What Y Was

Before I dropped out—got kicked out, actually, another story for another time—I had a course in college about The Movie. That’s the way I remember it in the catalogue. Capitals T and M. Like it was The C(rucifixion) or The D(epression), instead of a chance to see a lot of foreign T(its) and A(ss) and know, at the end of it, how to smoke a cigarette through your ears.

The first day, the Professor—a blowhard, I thought, the sort who’s all hat and no cattle—drew a picture of a bent-over pyramid, or a lean-to, on the blackboard. “Inciting incident,” he said; with great flair, he pointed to the leg of the upslope. “Then rising action.” His pointer was going up now, about forty of us wondering what this critter had had for breakfast. “Then climax,” he said, pointer at the tip-top. “Then falling action.” Down we went, gaining speed, like falling off a skyscraper. “Then reversal.” A nasty crook in the trail, it looked like. “And denouement.” What my father would say was “all she wrote,” which is where, I used to hope, the ruinous are ruined, and the good go yonder into the sunset.

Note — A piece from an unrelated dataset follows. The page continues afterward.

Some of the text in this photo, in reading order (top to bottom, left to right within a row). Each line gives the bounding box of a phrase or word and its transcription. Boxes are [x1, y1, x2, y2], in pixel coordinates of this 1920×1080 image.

Yup, I was the happy ending type. Me, I rooted for the sodbuster to get the dance hall dolly (or vice versa), the dog to come home after a long adventure in the hinterlands, the mother to rise whole and happy from her death bed in the hospital. Now, however, I’m, well, a falling action guy, which is that moment, to use my ex-wife’s phrase, just after the feathers have hit the fan. You know what I’m talking about—that instant following what my long-gone Professor called the “showdown.” The dust ain’t quite settled, the bad guy lies still twitching in the dirt, and there’s one more piece of business, itself dire or nearly life-and-death, that Yancy, our older and wiser hero, needs and has the goddamn wherewithal to do. Lordy, something about that moment just makes me hum. The worst has happened, the best ain’t far away, and you can see the moral to all this back-and-forth coming at you like a high school band up Main Street.

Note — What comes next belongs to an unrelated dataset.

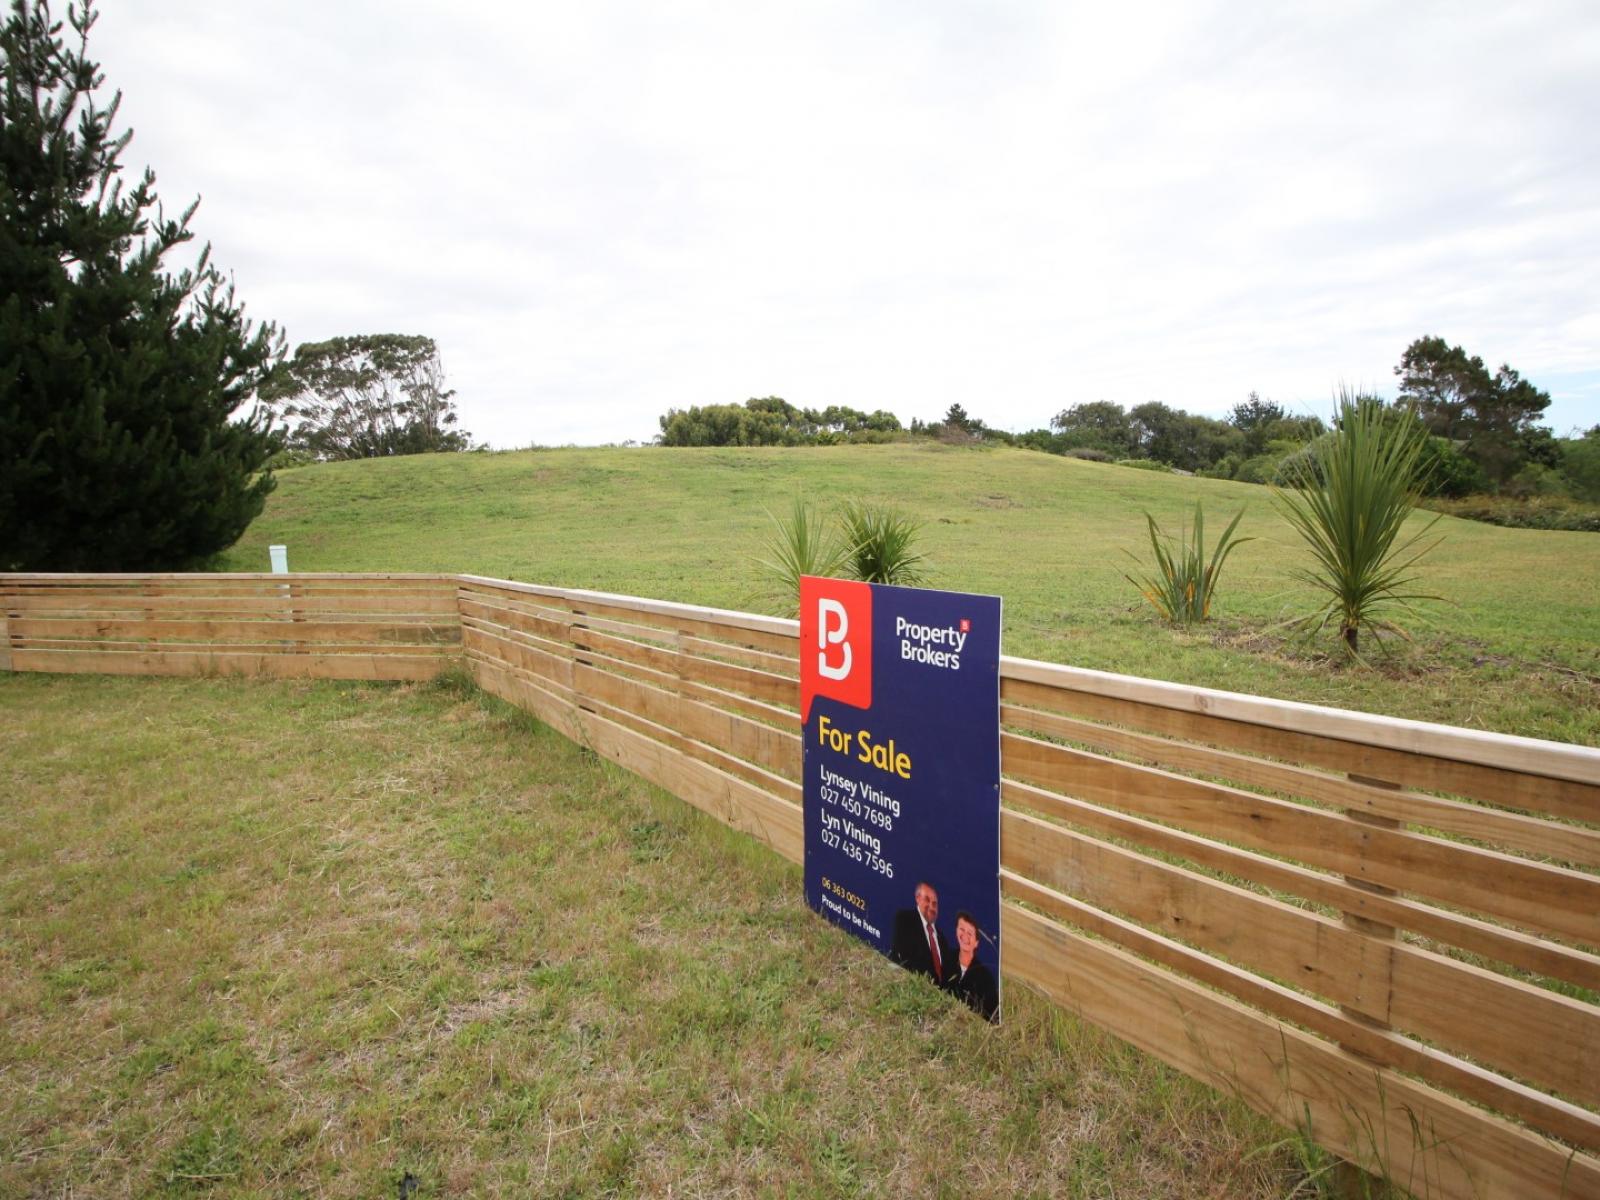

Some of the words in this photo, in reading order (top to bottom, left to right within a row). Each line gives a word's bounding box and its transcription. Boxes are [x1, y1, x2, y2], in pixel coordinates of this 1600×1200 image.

Let me give you a for instance. Imagine a couple, man and wife. Somebody—har-de-har-har—like me maybe, and like my ex-wife Corrine. They’re in the early forties, married since The Stone Age. Two kids, both boys, both in high school. What else? They’re in their second house, mortgaged up the whazoo. He’s what we hereabouts in the desert call a “land man,” which is that person who goes out to find the heir, or the heir’s heir, to property that bigwigs at Sinclair or Shell Oil Company want the mineral rights to; the wife, she’s a kindergarten teacher, a whiz with papier-mâché and building blocks. They’re Protestants, as half-assed in this as they are in politics. They both look pretty good still, the pot they’re going to—we all go to pot eventually, right?—maybe a dozen years away. Only about thirty-five percent of their habits are bad. He likes Oso Negro rum a little too much. She laughs out loud at the TV. He smokes (more initials: LSMFT), and she has a puff or two when she’s feeling frisky. Normal folks, no? Just like your own damn self were you suddenly plucked out of your own life and made to go from A to Z for an hour and a half after the lights go out.

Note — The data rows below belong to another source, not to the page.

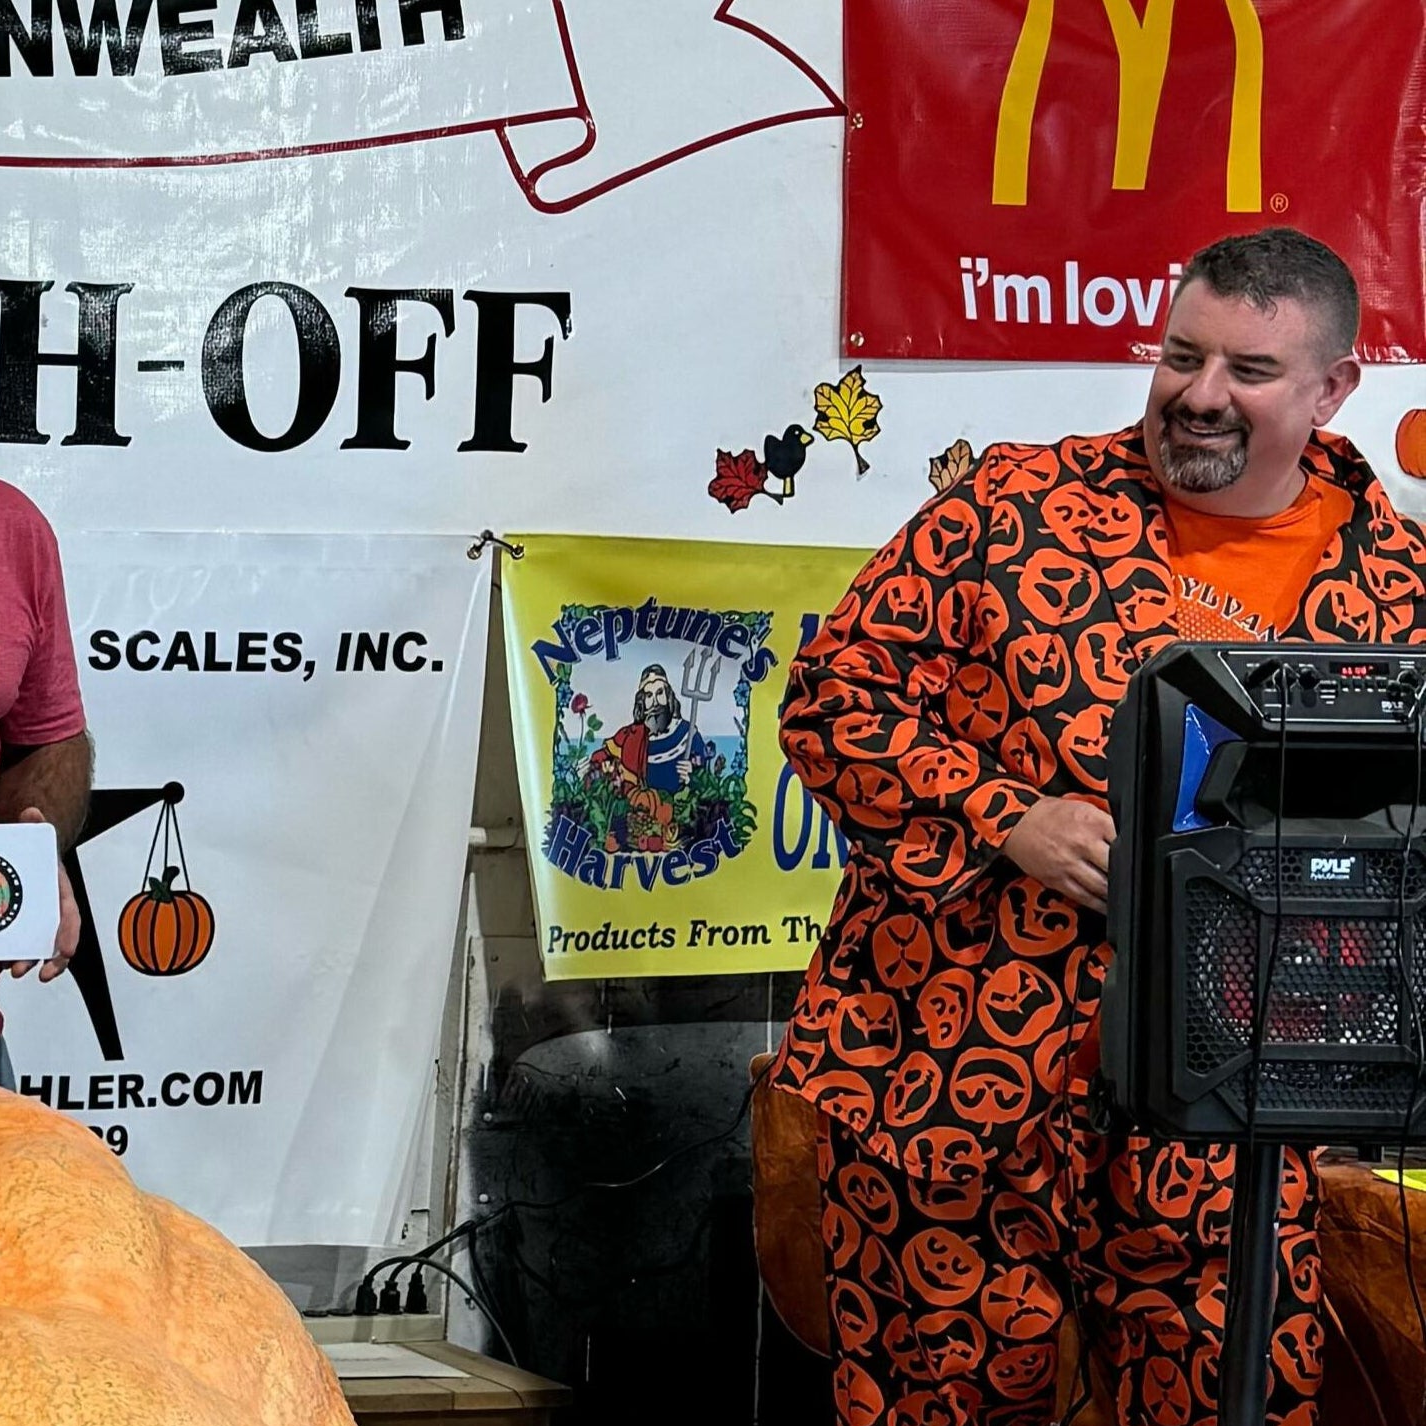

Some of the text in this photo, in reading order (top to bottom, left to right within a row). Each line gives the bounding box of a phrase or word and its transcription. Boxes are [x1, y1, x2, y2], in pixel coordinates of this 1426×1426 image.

[959, 256, 1052, 325] i'm
[88, 629, 444, 683] SCALES, INC.
[545, 813, 744, 893] Harvest
[1311, 858, 1351, 873] PYLE
[547, 915, 827, 953] Products From Th

The thing is, though, this guy’s a peckerwood. Can’t keep it in his pants. No how, no way. For example, he’s over in El Paso or in the badlands outside Hagerman or up near Tatum—hellfire, could be anywhere there’s gas and crude oil to be accounted for—and sees a woman in the lounge of the Holiday Inn. Before you know it, he’s sweet-talking. One drink. Another. A little hootchy-kootchy on the dance floor. He’s a conversationalist, is what he is. Another lost art. Quick with the ha-ha-ha, quicker with his Visa card. One thing leads to another—ain’t this always the way, right?—and round midnight you can hear hoopla and heavy breathing coming from room 311 overlooking the pool. It’s not love, mind you. It’s just rooting and rutting and dipping the wick. It’s the animal parts of us, is all. The gland running off with the brain. Something about a strange woman in her panties and lacy bra that, till sunrise at least, puts our hero two or three steps closer to paradise.

Then one day he comes home and he can tell that his wife knows. Not the particulars—not yet anyway—just the headlines.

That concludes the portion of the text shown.